Il Museo civico Rocca Flea di Gualdo Tadino ospita, dal 19 luglio al 31 agosto, la mostra La casa nel bosco. Grazia Cucco e le piccole storie dipinte su tavola, un viaggio onirico e intimista che esplora il rapporto tra uomo e natura attraverso le opere di Grazia Cucco. L’artista amerina presenta ventidue miniature inedite, realizzate su antiche tavolette di noce fornite dal frate francescano padre Alberto, trasformate in racconti visivi che fondono umanità e mondo animale con un linguaggio ironico e surreale.
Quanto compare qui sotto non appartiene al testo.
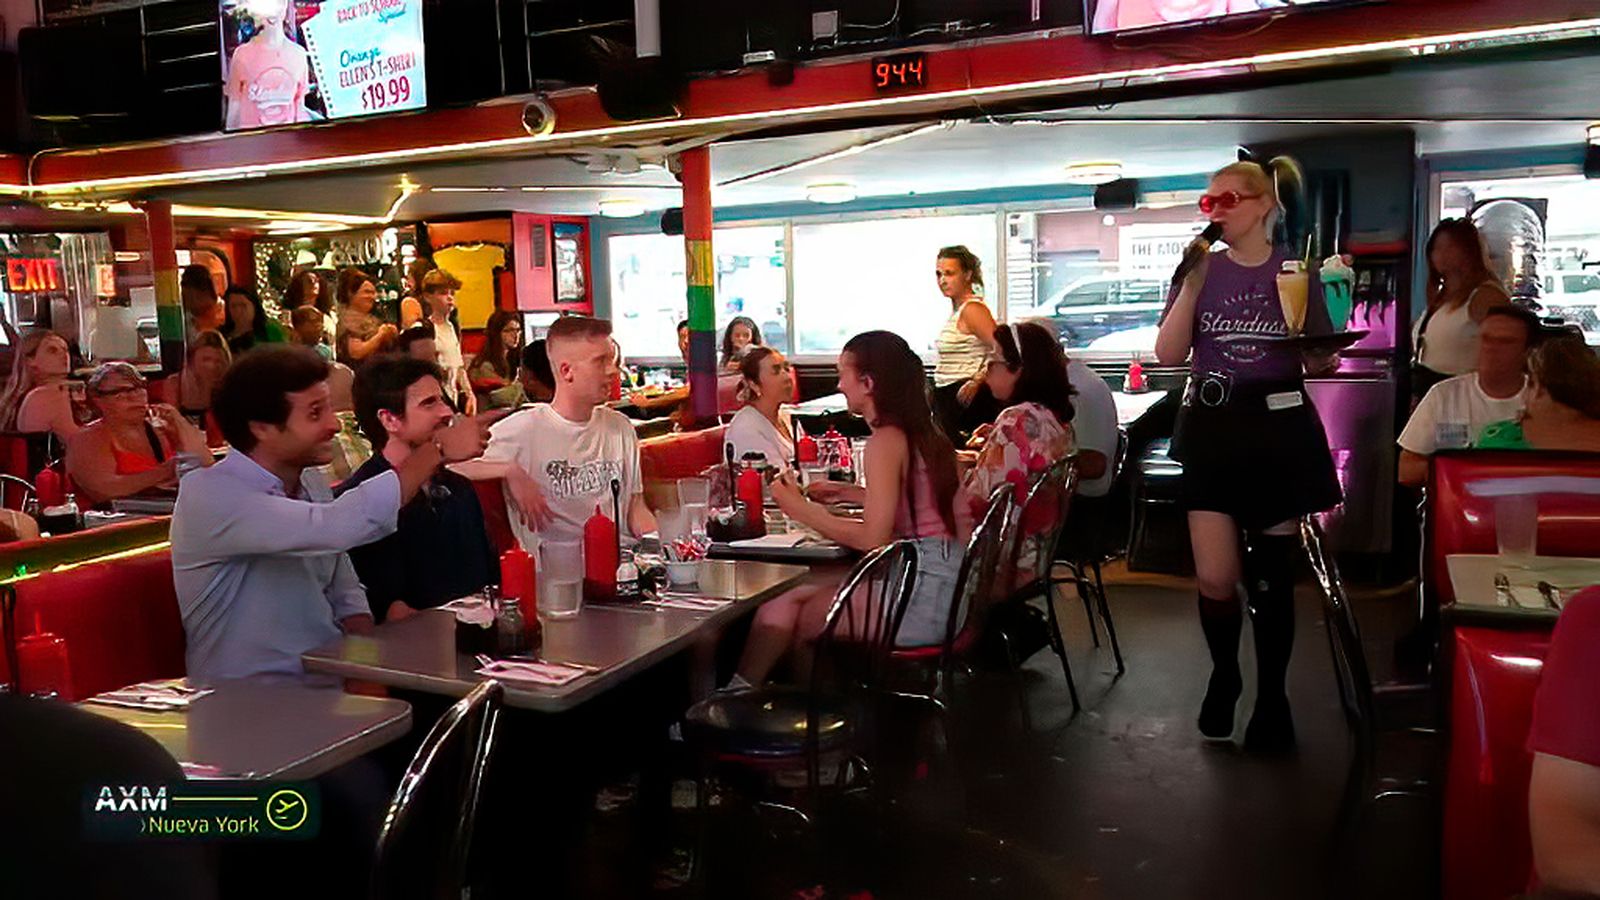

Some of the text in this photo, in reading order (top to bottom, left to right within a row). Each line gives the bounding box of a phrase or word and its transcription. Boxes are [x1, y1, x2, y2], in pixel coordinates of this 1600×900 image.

[340, 47, 381, 68] Orange
[362, 75, 410, 110] $19.99
[7, 258, 57, 291] EXIT
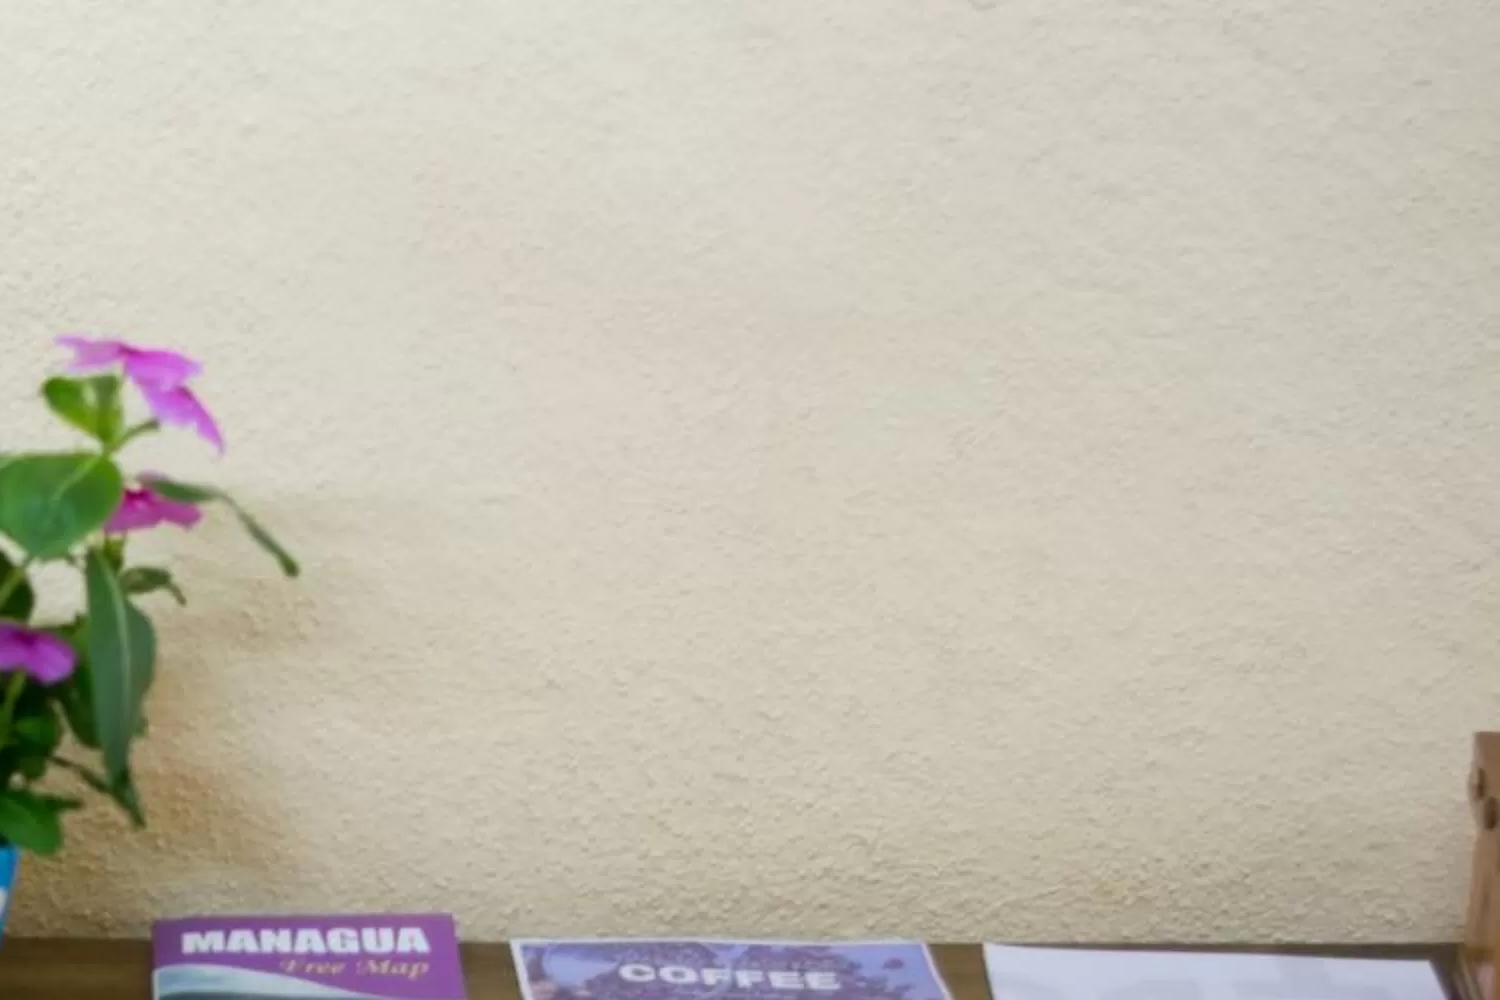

L’esposizione Curata da Catia Monacelli, direttrice del polo museale di Gualdo Tadino, l’esposizione è arricchita da un testo critico di Giulio Rapetti Mogol, che offre un ritratto poetico dell’artista. «Una fantasia eroticamente furiosa chiusa in un rigore ecclesiastico… Pura come un animale, dominata dalle sue passioni vissute liberamente e dai suoi sentimenti vorticosi come un vento desertico, Grazia è un meraviglioso anacronismo vivente», scrive Mogol, sottolineando la natura contraddittoria e affascinante di Cucco. L’inaugurazione è in programma sabato 19 luglio alle 18 nella sala della città del museo. Sarà la stessa curatrice Catia Monacelli a introdurre al pubblico queste opere, definite «un viaggio nell’immaginario primordiale, dove ogni dettaglio diventa storia». La mostra resterà aperta tutti i giorni dalle 10 alle 13 e dalle 15 alle 18 fino alla fine di agosto.
L’artista Pittrice autodidatta originaria di Amelia, Grazia Cucco è considerata una delle voci più originali dell’arte contemporanea umbra. Cucco è stata scoperta nei primi anni Novanta da Mogol, che ne ha intuito il potenziale artistico. Il riconoscimento ufficiale è poi arrivato nel 2010 con la consacrazione da parte di Vittorio Sgarbi al Festival dei Due Mondi di Spoleto, dove fu definita un’artista surrealista capace di unire tradizione e immaginazione. Nel corso degli anni le sue opere hanno conquistato spazi prestigiosi, fino ad approdare alla Biennale di Venezia, dove ha presentato installazioni di forte impatto come Natura porca. Con La casa nel bosco, Cucco conferma la sua capacità di trasformare il quotidiano in una narrazione fantastica, popolata da buffe creature ibride tra uomo e animale, in un gioco ironico che richiama la tradizione del grottesco per indagare la condizione umana.